BOARD MEETINGS -- COMMITTEES OF THE BOARDS OF DIRECTORS

     The Board of Directors of each Fund met 13 times during the fiscal year
ended December 31, 2004. Each Director attended at least 75% of all meetings of
the Boards of Directors and of all meetings of committees of the Boards on which
he or she served as a regular member. As of December 31, 2004, each Board of
Directors has an Audit Committee, an Expenses/Operations Committee, an Equity
Oversight Committee, a Fixed Income Oversight Committee, a
Legal/Regulatory/Compliance Committee, a Marketing/Distribution/ Shareholder
Service Committee, a Nominating and Governance Committee and a Valuation
Committee. The responsibilities of each Committee are described below.

AUDIT COMMITTEE

     The Audit Committee of each Board of Directors appoints independent
auditors for each Fund; determines the compensation paid to the independent
auditors for each Fund; reviews with management and the independent auditors the
results of all audits and any reviews, and related matters, including the
independent auditors' audit of each Fund's annual financial statements and its
report thereon; and performs such other tasks as the full Board deems necessary
or appropriate. Each Audit Committee receives annual representations from the
auditors as to their independence. The members of the Audit Committee are S.
Leland Dill (Chairperson), Richard J. Herring, Graham E. Jones, Philip Saunders,
Jr. and William N. Searcy. Each member of the Audit Committee is "independent"
as defined in Section 121(A) of the listing standards of the American Stock
Exchange, on which the common stock of each Fund is listed. The Audit Committee
for each Fund met seven times during the fiscal period ended December 31, 2004.
The Audit Committee of each Board of Directors has adopted a written charter
which is attached to this joint Proxy Statement as Appendix A.

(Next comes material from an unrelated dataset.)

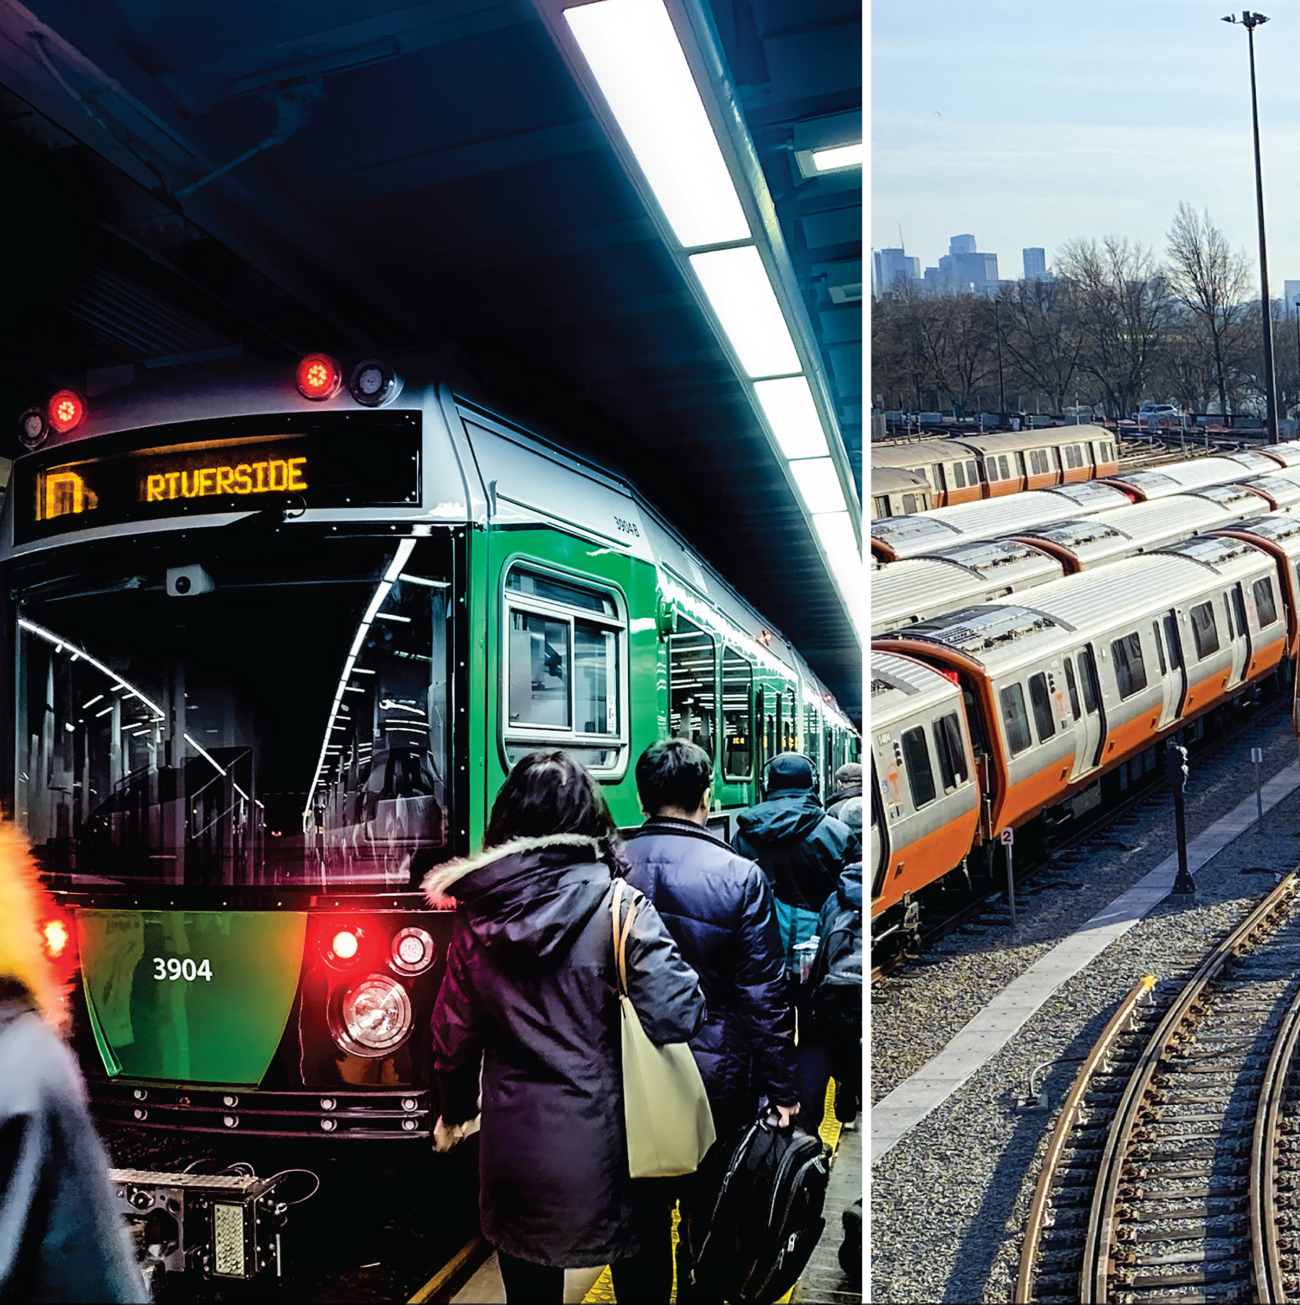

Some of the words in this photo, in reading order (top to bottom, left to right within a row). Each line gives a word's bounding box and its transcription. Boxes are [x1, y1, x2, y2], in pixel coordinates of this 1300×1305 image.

[146, 456, 308, 502] RIVERSIDE
[1003, 830, 1011, 842] 2
[153, 957, 213, 982] 3904

     At a meeting held on October 28, 2003, the Audit Committees of RREEF I and
of RREEF II appointed PricewaterhouseCoopers LLP ("PwC") to act as independent
accountants for each Fund for the fiscal year ended December 31, 2004. Each
Fund's financial statements for the fiscal year ended December 31, 2004 were

                                        9


audited by PwC. The following table sets forth the aggregate fees billed for
professional services rendered by PwC:

<Table>
<Caption>
FUND                   FISCAL YEAR ENDED     AUDIT FEES   TAX FEES   AUDIT -- RELATED FEES   ALL OTHER FEES
- ----                   -----------------     ----------   --------   ---------------------   --------------
                                                                              
RREEF I..............  December 31, 2003      $48,400      $9,820              $0               $21,500
                       December 31, 2004      $52,900      $8,105            $185                    $0
RREEF II.............  December 31, 2003(1)   $68,400      $7,720              $0                    $0
                       December 31, 2004      $52,900      $8,105            $185                    $0
</Table>

- ---------------

(1) Fund commenced operations in August 2003.

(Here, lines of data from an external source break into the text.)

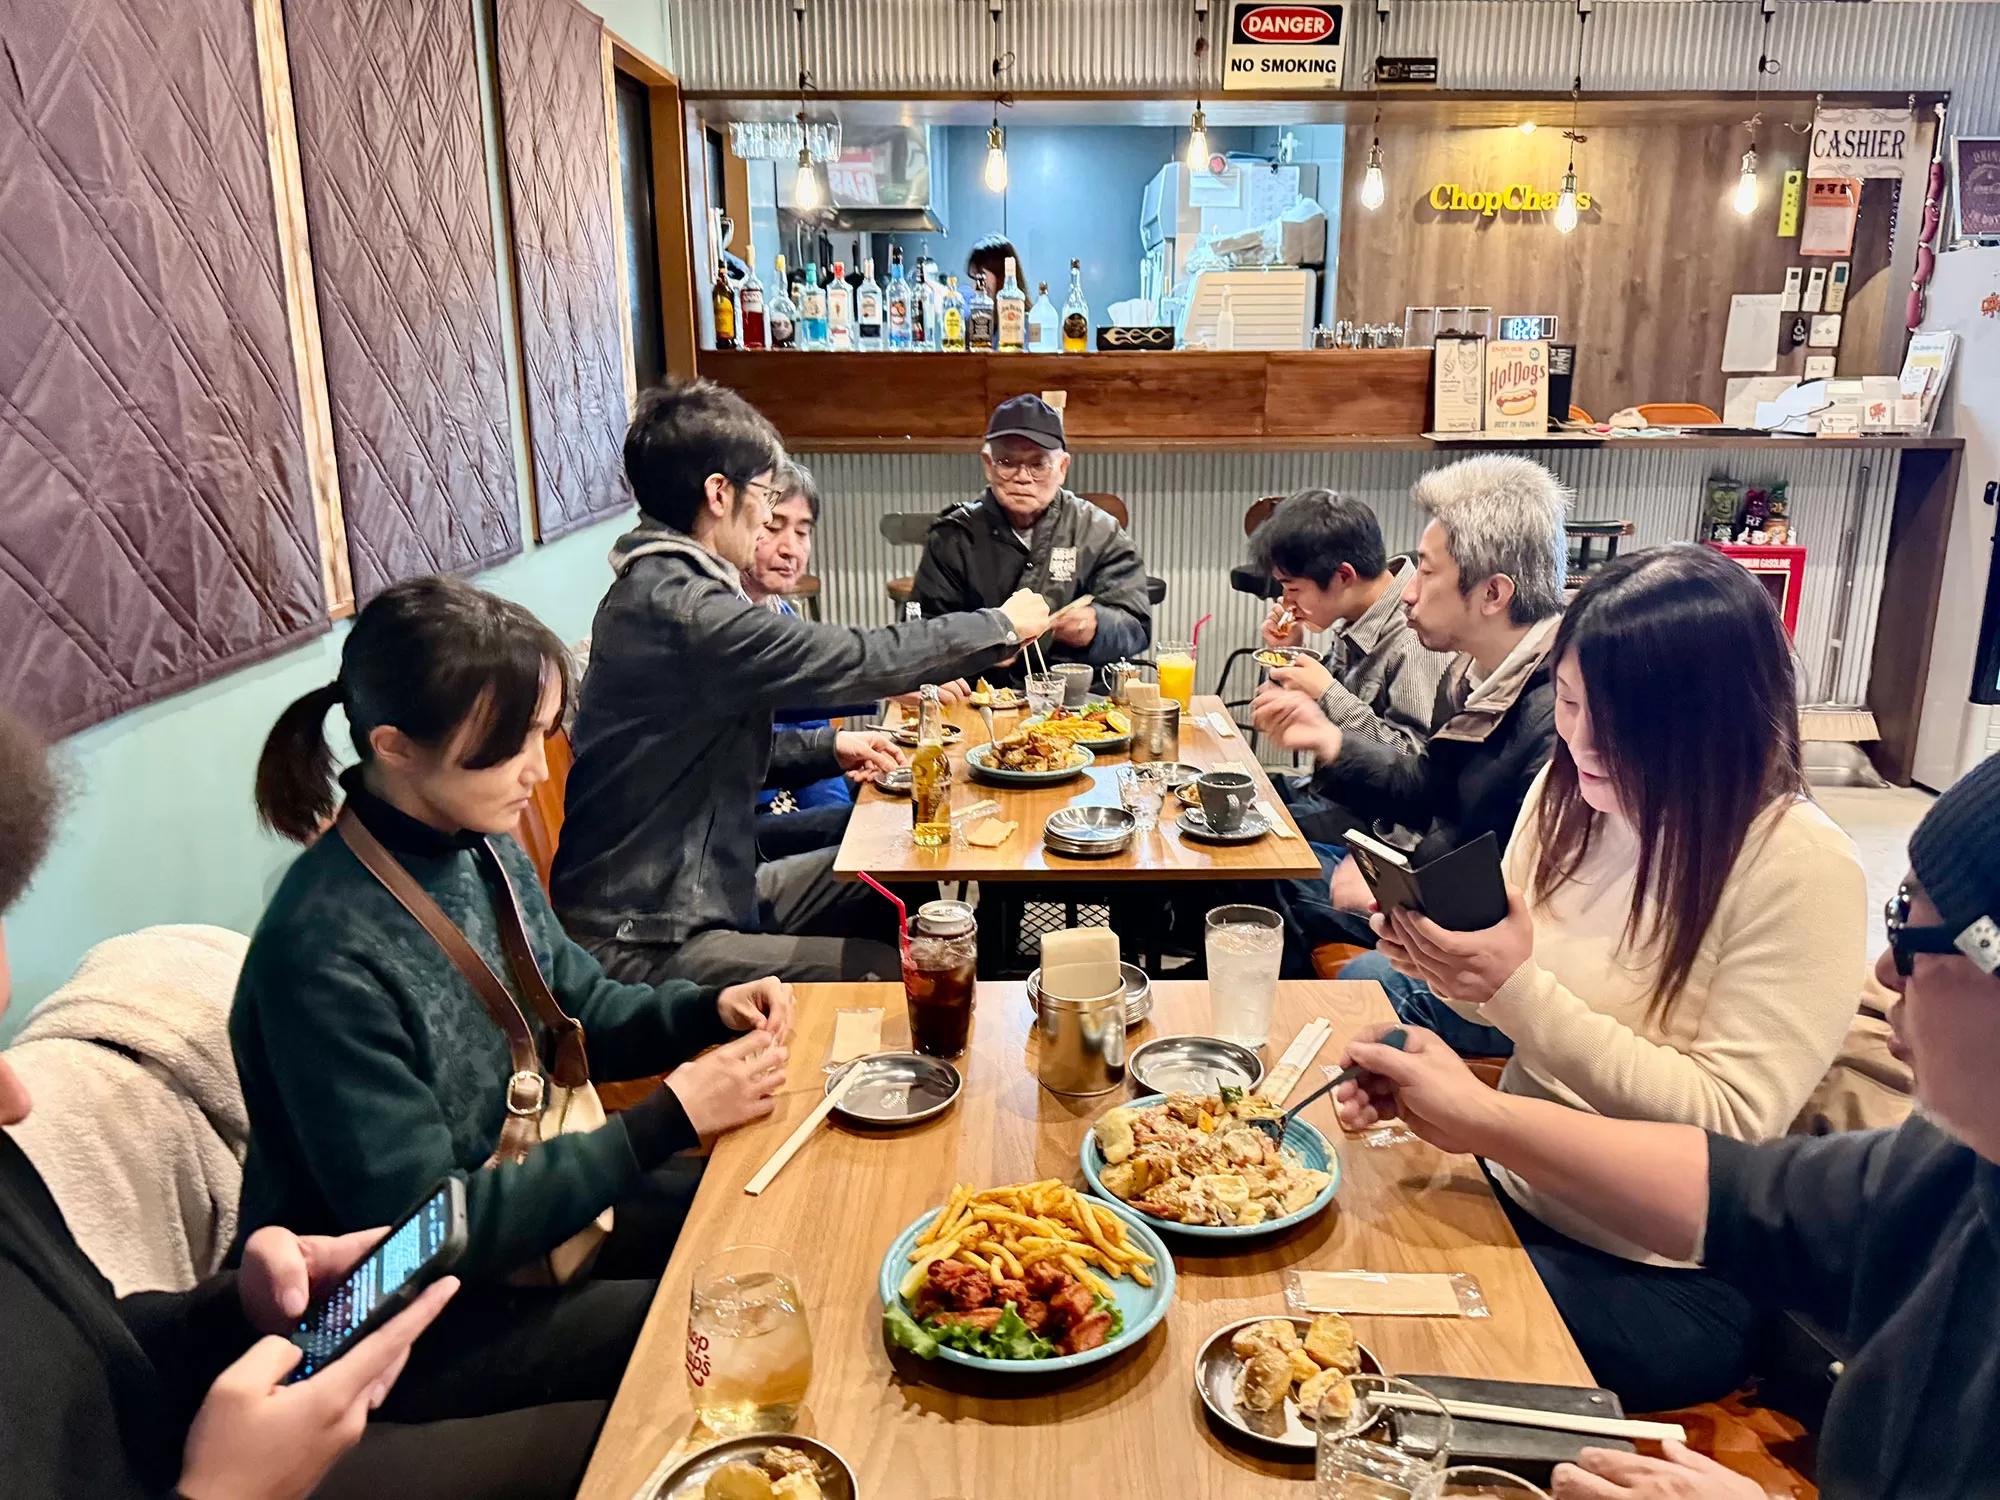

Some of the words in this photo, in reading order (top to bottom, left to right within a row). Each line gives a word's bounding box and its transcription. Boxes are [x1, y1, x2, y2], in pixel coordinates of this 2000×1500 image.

[1248, 16, 1325, 34] DANGER
[1231, 59, 1254, 73] NO
[1260, 59, 1337, 73] SMOKING
[1813, 129, 1906, 160] CASHIER
[1429, 184, 1592, 217] ChopChas
[1513, 361, 1546, 387] Dogs

     The fees disclosed under the caption "Tax Fees" were billed for
professional services rendered for tax compliance and tax return preparation.
The fees disclosed under the caption "All Other Fees" were billed for services
provided pursuant to agreed upon procedures relating to the Fund's issuance of
preferred stock.

     The following table shows the aggregate amount of fees that PwC billed
during the Funds' last two fiscal years for non-audit services rendered to the
Funds, DeAM, Inc., the Funds' investment manager, and any entity controlling,
controlled by or under common control with DeAM, Inc. that provides ongoing
services to the Funds (the "Affiliated Service Providers").

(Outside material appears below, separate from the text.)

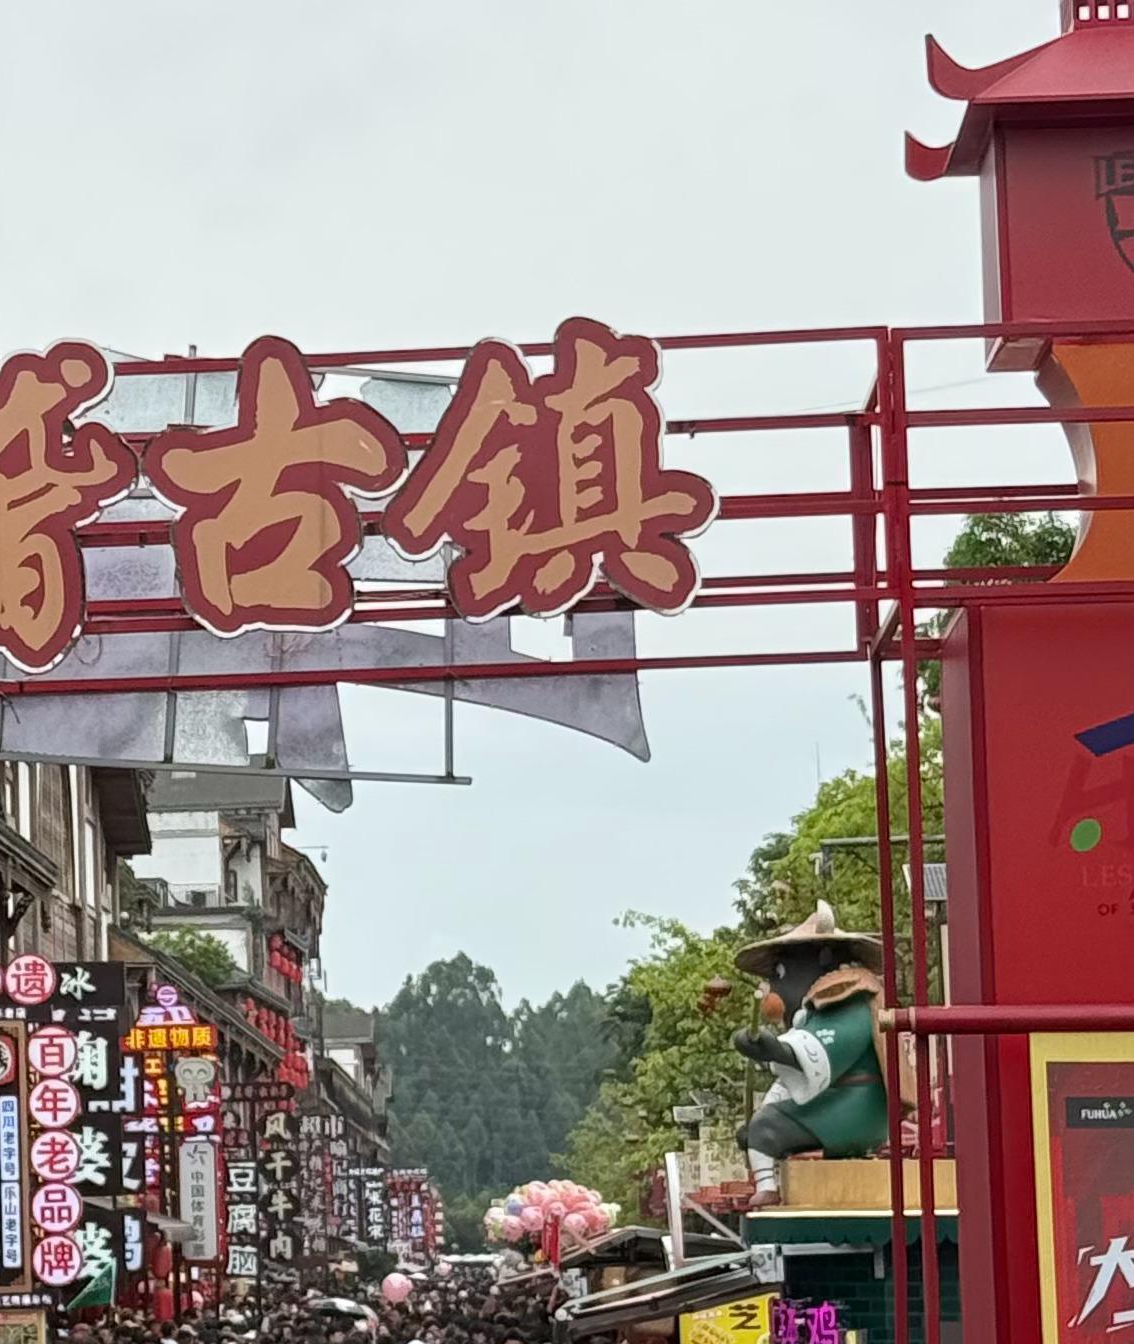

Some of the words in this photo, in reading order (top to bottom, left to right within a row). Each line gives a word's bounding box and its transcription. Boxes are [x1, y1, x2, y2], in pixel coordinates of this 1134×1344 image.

     For engagements with PwC entered into on or after May 6, 2003, the Audit
Committee approved in advance all audit services and non-audit services that PwC
provided to the Funds, the Advisor and any Affiliated Service Provider that
related directly to the Funds' operations and financial reporting.

<Table>
<Caption>
                                                        TOTAL NON-AUDIT FEES
                                                       BILLED TO ADVISER AND
                                                      AFFILIATED FUND SERVICE       TOTAL NON-AUDIT
                                                       PROVIDERS (ENGAGEMENTS    FEES BILLED TO ADVISER
                                         TOTAL        RELATED DIRECTLY TO THE     AND AFFILIATED FUND
                       FISCAL YEAR   NON-AUDIT FEES   OPERATIONS AND FINANCIAL   SERVICE PROVIDERS (ALL
                          ENDED      BILLED TO FUND    REPORTING OF THE FUND)      OTHER ENGAGEMENTS)     TOTAL OF (A), (B)
                       DECEMBER 31        (A)                   (B)                       (C)                  AND (C)
                       -----------   --------------   ------------------------   ----------------------   -----------------
                                                                                           
RREEF I..............     2003          $31,320                  $0                    $3,967,000            $3,998,320
                          2004          $ 8,105                  $0                    $  253,272            $  261,377
RREEF II.............     2003          $ 7,720                  $0                    $3,967,000            $3,974,720
                          2004          $ 8,105                  $0                    $  253,272            $  261,377
</Table>

     In accordance with pre-approval procedures approved by the Audit Committee,
the engagement of auditors to provide audit or non-audit services to the Funds
is required to be approved by the Funds' Audit Committee or by the Audit
Committee Chairman prior to the commencement of any such engagement. Further,
the auditors are required to report to the Audit Committee at each of its
regular meetings all Fund services initiated since the last report was rendered,
including a general description of the services and projected fees, and the
means by which such Fund Services were approved by the Committee.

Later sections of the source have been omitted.